Problem:
Search the data for the string "GREEN" and copy each line where it turns up.

Extracted records:
○ ○ ○ ○ ○ ○ ○

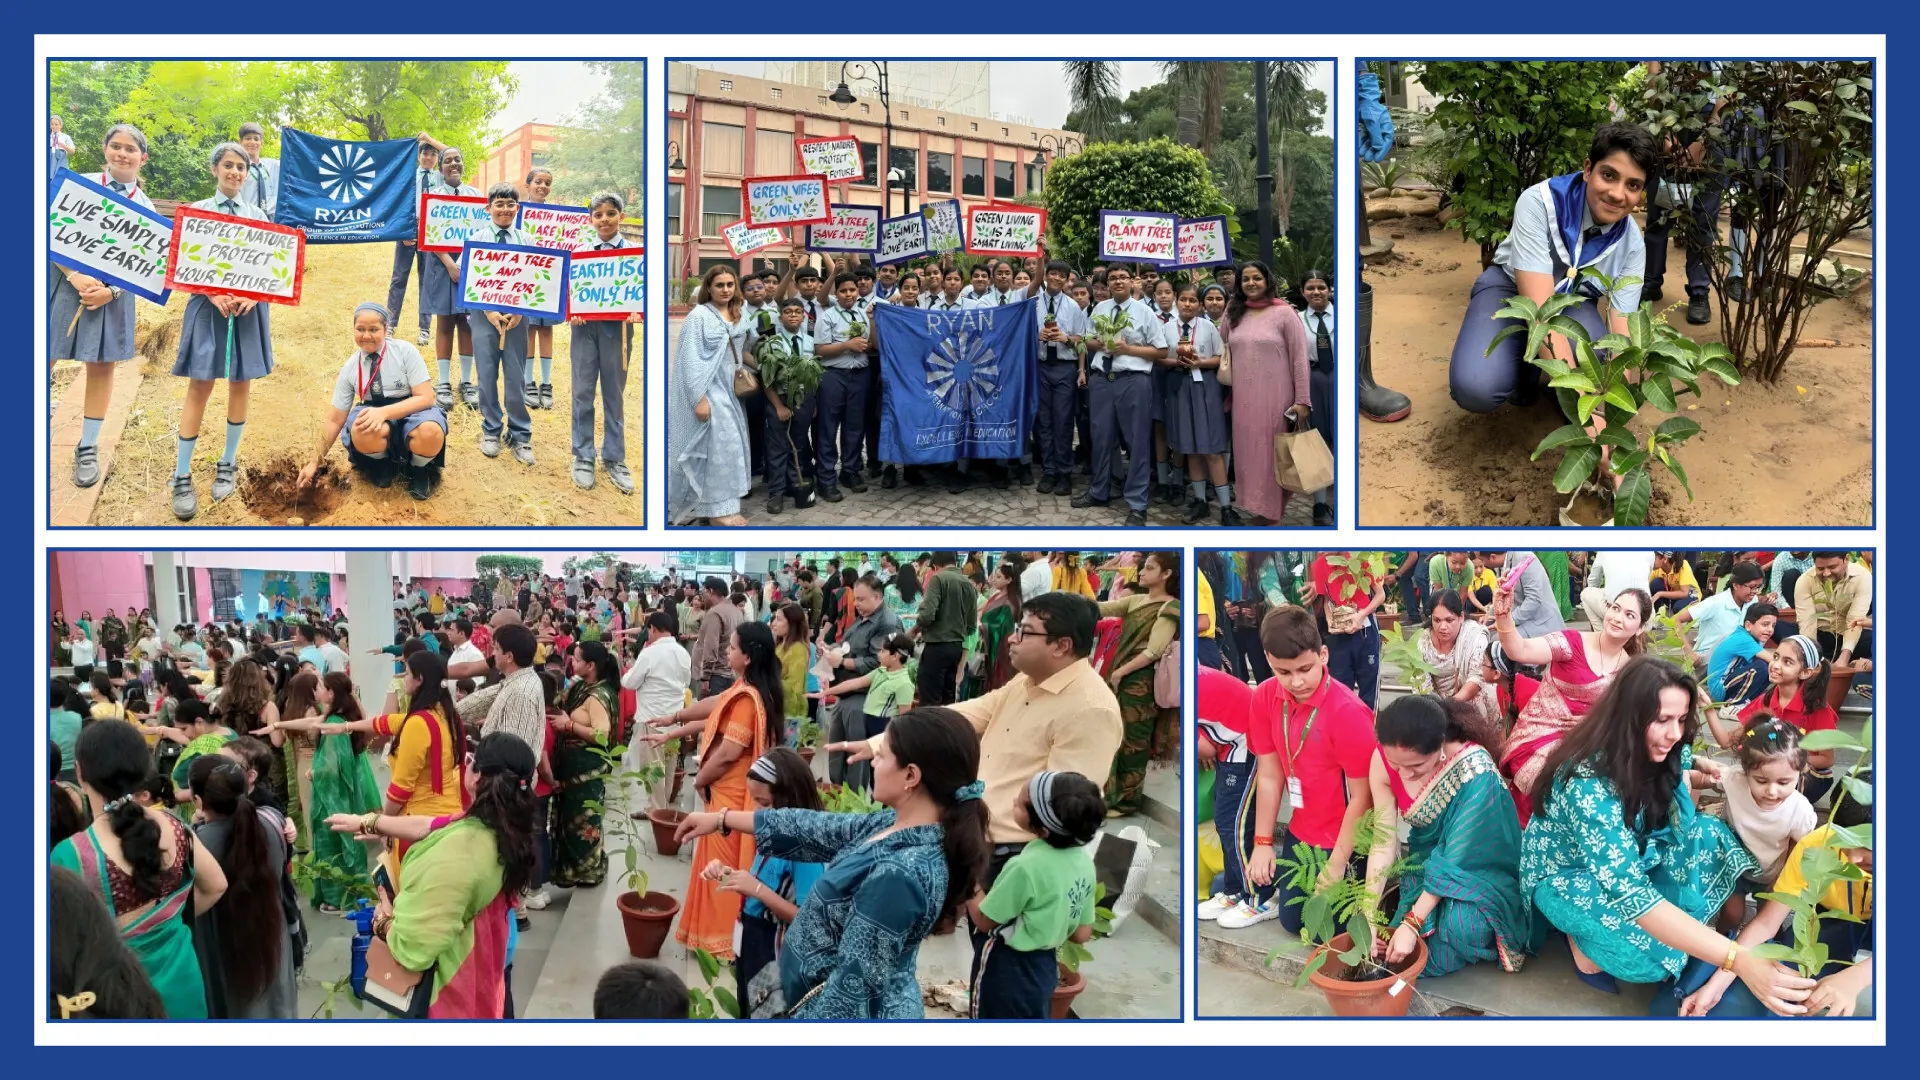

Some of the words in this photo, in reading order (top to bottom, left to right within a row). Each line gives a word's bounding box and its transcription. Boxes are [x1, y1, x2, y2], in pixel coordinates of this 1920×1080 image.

[803, 143, 830, 153] RESPECT
[832, 140, 855, 150] NATURE
[819, 154, 848, 164] PROTECT
[830, 168, 855, 178] FUTURE
[754, 185, 788, 198] GREEN
[58, 193, 104, 221] LIVE
[430, 204, 468, 219] GREEN
[770, 203, 802, 217] ONLY
[315, 207, 372, 222] RYAN
[524, 210, 554, 220] EARTH
[838, 217, 843, 226] A
[844, 217, 868, 226] TREE
[975, 213, 1003, 224] GREEN
[1006, 215, 1034, 225] LIVING
[185, 218, 244, 238] RESPECT
[245, 230, 297, 250] NATURE
[296, 224, 322, 233] GROUP
[444, 226, 479, 241] ONL
[536, 225, 557, 236] ARE
[562, 227, 580, 239] WE
[992, 227, 1003, 237] IS
[1005, 228, 1012, 237] A
[1109, 224, 1145, 237] PLANT
[1147, 226, 1172, 239] TREE
[1194, 222, 1216, 232] TREE
[814, 229, 839, 238] SAVE
[839, 230, 845, 238] A
[847, 230, 867, 240] LIFE
[882, 243, 901, 256] LOVE
[971, 238, 1000, 248] SMART
[1001, 240, 1027, 250] LIVING
[1107, 240, 1141, 252] PLANT
[1141, 243, 1168, 253] HOPE
[54, 225, 105, 254] LOVE
[101, 246, 156, 278] EARTH
[208, 244, 274, 266] PROTECT
[473, 250, 510, 262] PLANT
[508, 253, 520, 264] A
[524, 255, 556, 269] TREE
[496, 266, 522, 276] AND
[570, 262, 614, 280] EARTH
[619, 260, 635, 276] IS
[176, 266, 217, 284] YOUR
[221, 272, 280, 292] FUTURE
[475, 279, 508, 290] HOPE
[511, 282, 535, 294] FOR
[481, 292, 520, 306] FUTURE
[579, 286, 620, 302] ONLY
[926, 309, 994, 336] RYAN
[973, 426, 1016, 438] EDUCATION

○ ○ ○ ○ ○ ○ ○

Task solution:
[754, 185, 788, 198] GREEN
[430, 204, 468, 219] GREEN
[975, 213, 1003, 224] GREEN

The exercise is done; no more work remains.